# It's possible to free memory?

## LittleBug

Hi  @ all!

Some time ago my 1GB RAM stick says me "So long and thanks for all the fish!" then die. From that I limited to use only 512MB   :Crying or Very sad:  !

Well! this is not a huge problem but when I launch emerge or heavyweight application, of course, free memory go down and when the program are closed free memory doesn't rise. After a while if I launch any other program system goning to swap and this is not very good!

My question is: "Is it possible to get out garbage that stay in RAM without any pourpose?"

Thanks!

----------

## slackline

My understanding is that the kernel will free up memory when its requested unless its actually being used.
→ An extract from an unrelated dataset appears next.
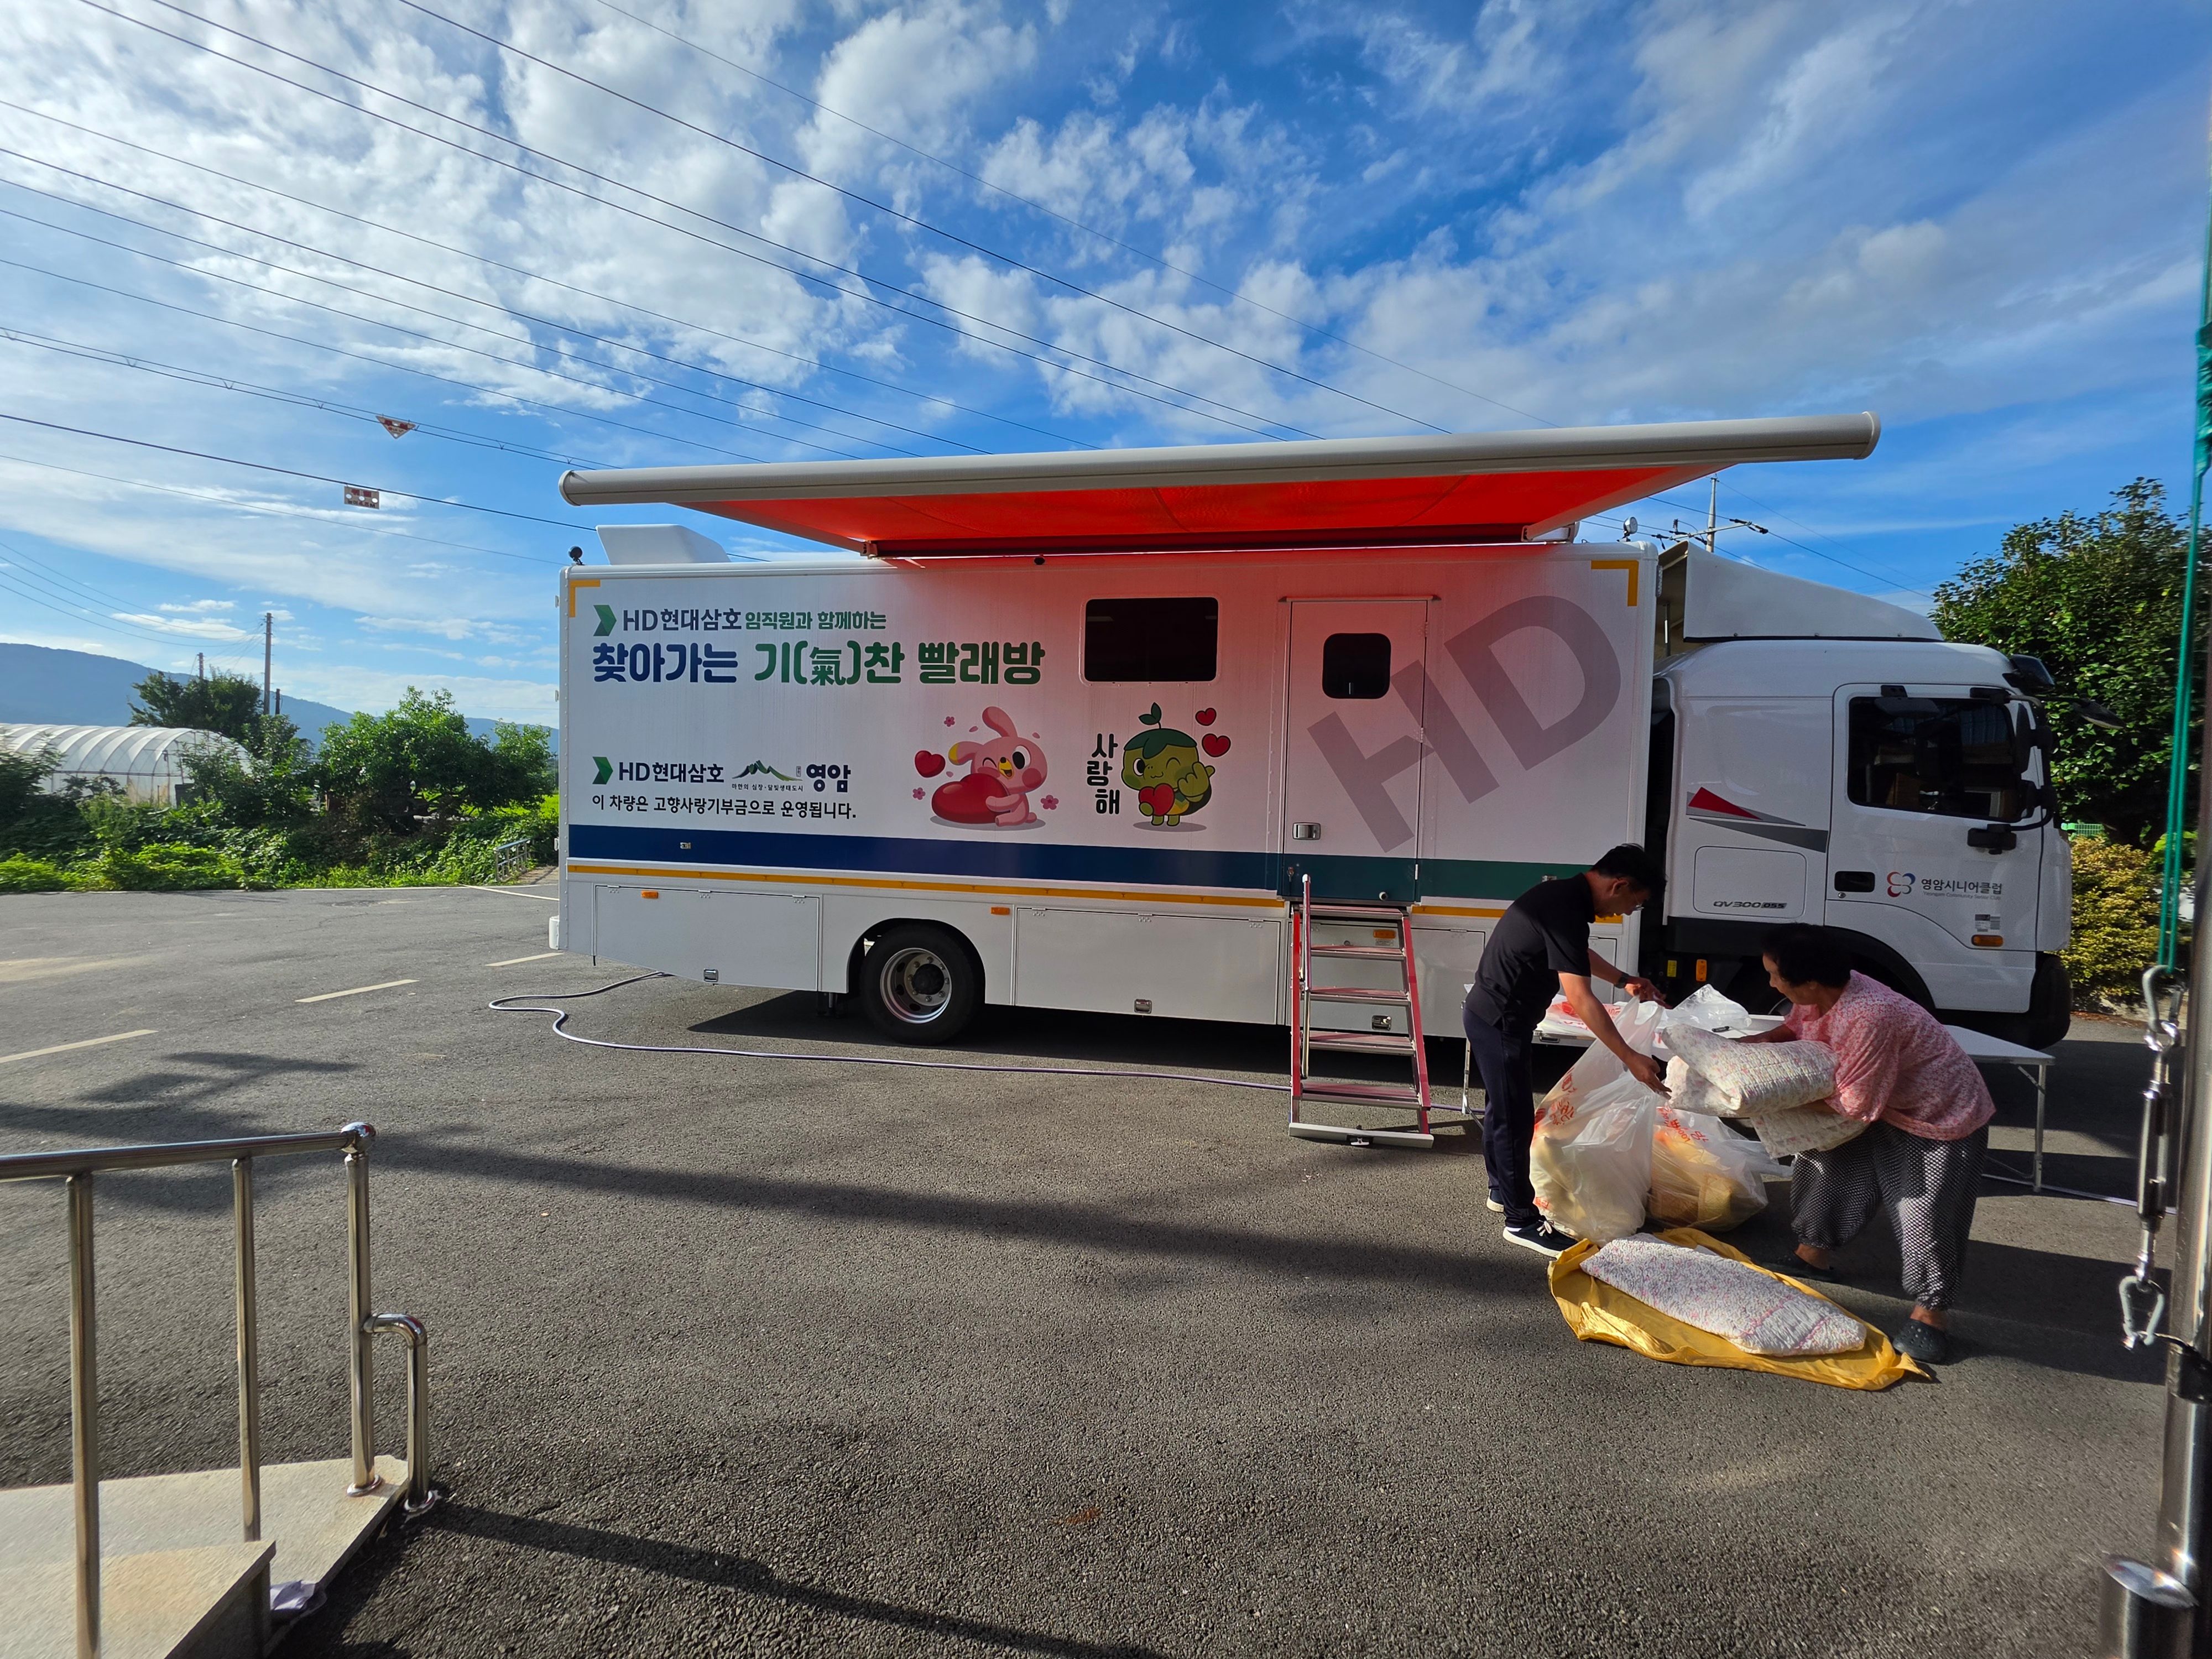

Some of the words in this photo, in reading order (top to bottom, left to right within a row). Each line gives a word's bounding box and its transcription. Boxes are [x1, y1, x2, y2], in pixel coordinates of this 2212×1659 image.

Thus when you close your heavy-weight application and it appears as though the memory isn't free you will find that if you start another heavy-weight application that requires the memory it will be available.

Memory is cheap, so grab some and get back to your previous levels (or even upgrade higher!).

----------

## cach0rr0

 *LittleBug wrote:*   

> when the program are closed free memory doesn't rise
> 
> 

 

that's cached. as mentioned above, the kernel will free up cache as needed when other applications request it. 

If indeed you're seeing a fair bit of swap used, you're quite simply running out of memory. 

If you really really really wan't to free up the cache:

```

echo 3 /proc/sys/vm/drop_caches

```

but i dont think that'll help - i think youre genuinely running out of memory

----------

## AllenJB

You generally shouldn't need to worry about memory management at all.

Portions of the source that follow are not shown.